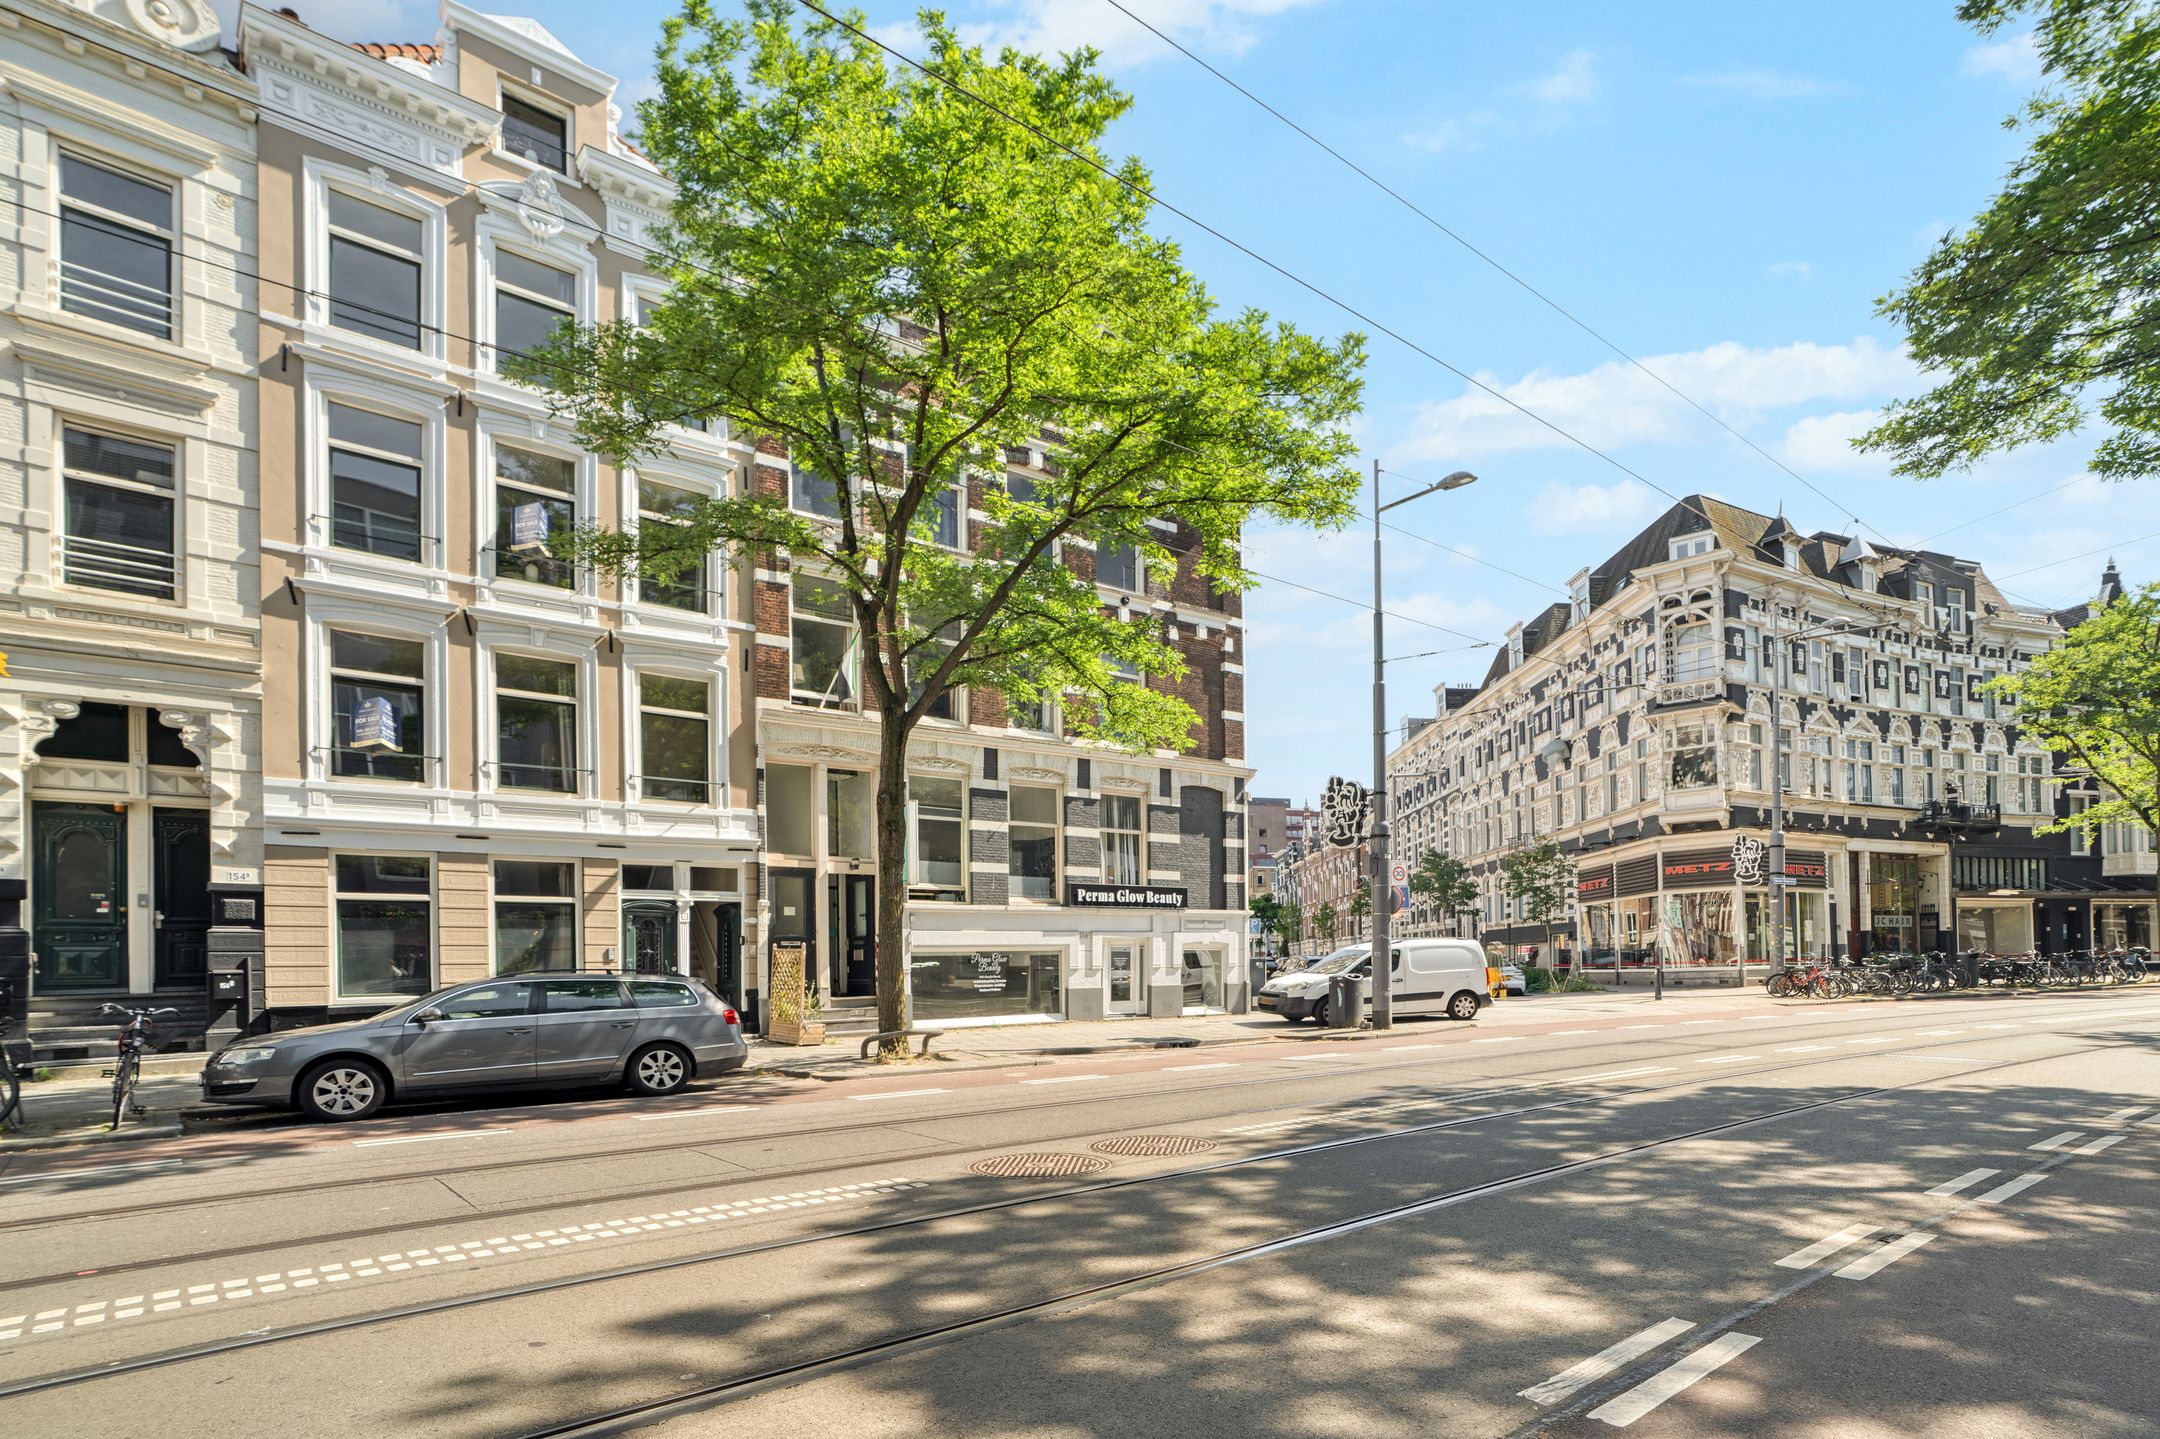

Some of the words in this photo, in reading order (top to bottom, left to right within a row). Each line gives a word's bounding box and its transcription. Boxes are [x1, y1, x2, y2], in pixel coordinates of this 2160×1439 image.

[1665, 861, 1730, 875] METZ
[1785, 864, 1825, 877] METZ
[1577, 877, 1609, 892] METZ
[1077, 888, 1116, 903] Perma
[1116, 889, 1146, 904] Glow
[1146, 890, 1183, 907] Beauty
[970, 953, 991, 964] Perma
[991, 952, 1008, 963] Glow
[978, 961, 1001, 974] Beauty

◆ Exercise instructions:
The records above must be repeated in full and exactly, but without any of the pictures.

◆ Response to this exercise:
Some of the words in this photo, in reading order (top to bottom, left to right within a row). Each line gives a word's bounding box and its transcription. Boxes are [x1, y1, x2, y2], in pixel coordinates of this 2160×1439 image.

[1665, 861, 1730, 875] METZ
[1785, 864, 1825, 877] METZ
[1577, 877, 1609, 892] METZ
[1077, 888, 1116, 903] Perma
[1116, 889, 1146, 904] Glow
[1146, 890, 1183, 907] Beauty
[970, 953, 991, 964] Perma
[991, 952, 1008, 963] Glow
[978, 961, 1001, 974] Beauty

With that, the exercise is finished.